Percentage of valid latitude and longitude
Verifies that the percentage of valid latitude and longitude values are above the set threshold.
PROBLEM
Austin-311-Public-Data provides the residents of Austin with a simple single point of contact for every city department.
What started as police non-emergency line for the City of Austin has become a robust Citywide Information Center where ambassadors are available to answer residents’ concerns 24 hours a day, 7 days a week, and 365 days a year.
The dataset contain the list of service requests with unique key, descriptions, status, address as well as its longitude and latitude coordinates.

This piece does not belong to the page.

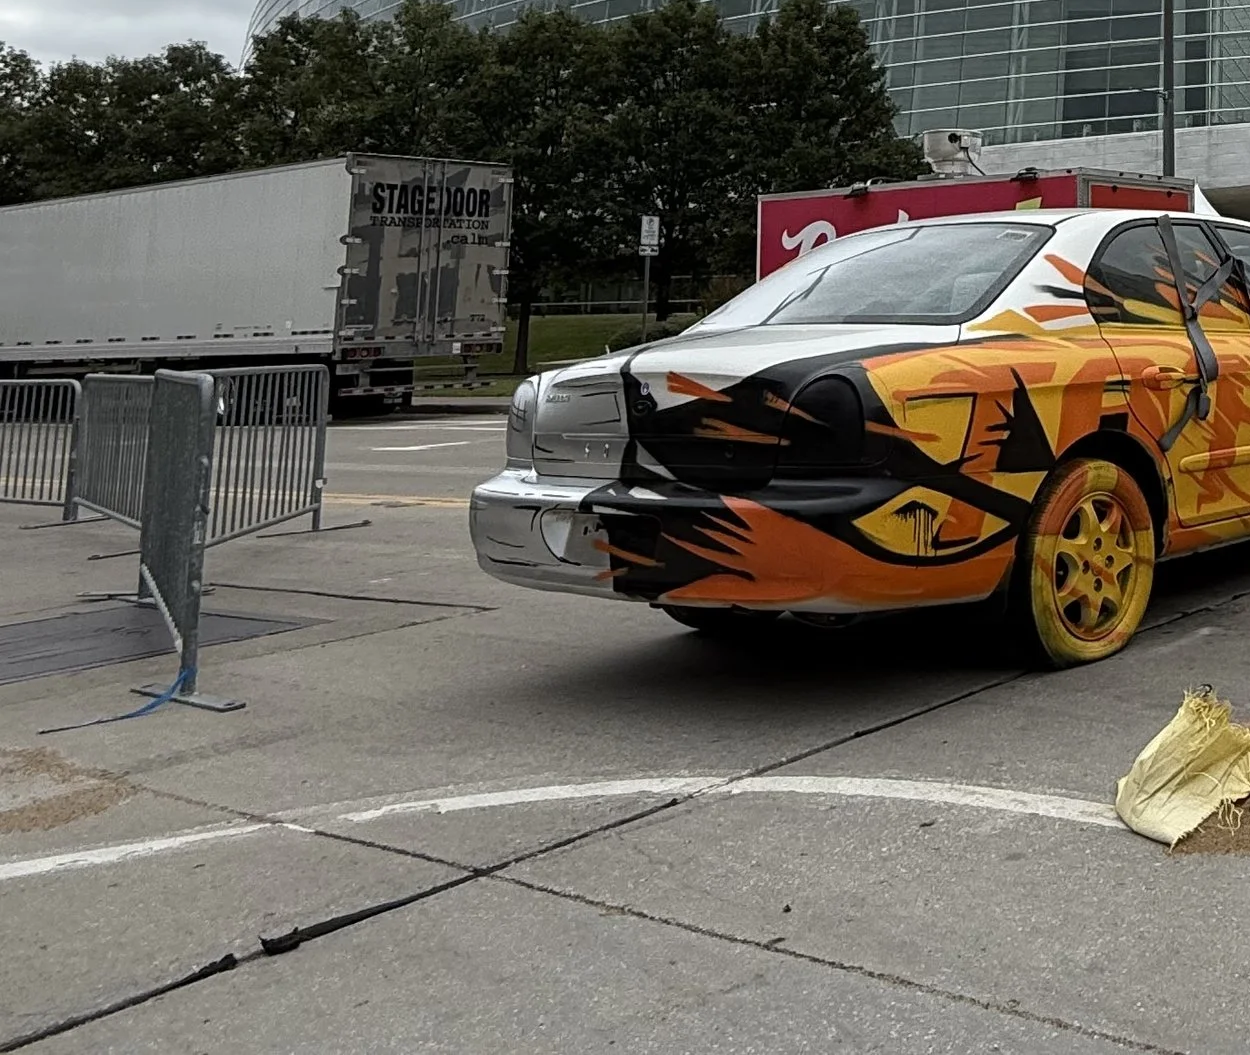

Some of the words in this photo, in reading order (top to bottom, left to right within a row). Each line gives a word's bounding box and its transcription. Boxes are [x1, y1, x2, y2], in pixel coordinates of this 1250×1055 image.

[371, 182, 437, 216] STAGE
[438, 186, 490, 217] DOOR
[370, 215, 489, 230] TRANSPORTATION

We want to verify the percentage of valid latitude and longitude values in latitude
and longitude
columns, respectively.
SOLUTION
We will verify the data of bigquery-public-data.austin_311.311_service_requests
using profiling
valid_latitude_percent and
valid_longitude_percent column checks.
Our goal is to verify if the percentage of valid latitude values in the latitude
and longitude
columns are above the set threshold.
In this example, we will set three minimum percentage thresholds levels for the check:
- warning: 99.0%
- error: 98.0%
- fatal: 95.0%
If you want to learn more about checks and threshold levels, please refer to the DQO concept section.
VALUE
If the percentage of valid latitude or longitude values is below 99%, a warning alert will be triggered.
Data structure
The following is a fragment of the bigquery-public-data.austin_311.311_service_requests
dataset. Some columns were
omitted for clarity.
The latitude
and longitude
columns of interest contains valid values.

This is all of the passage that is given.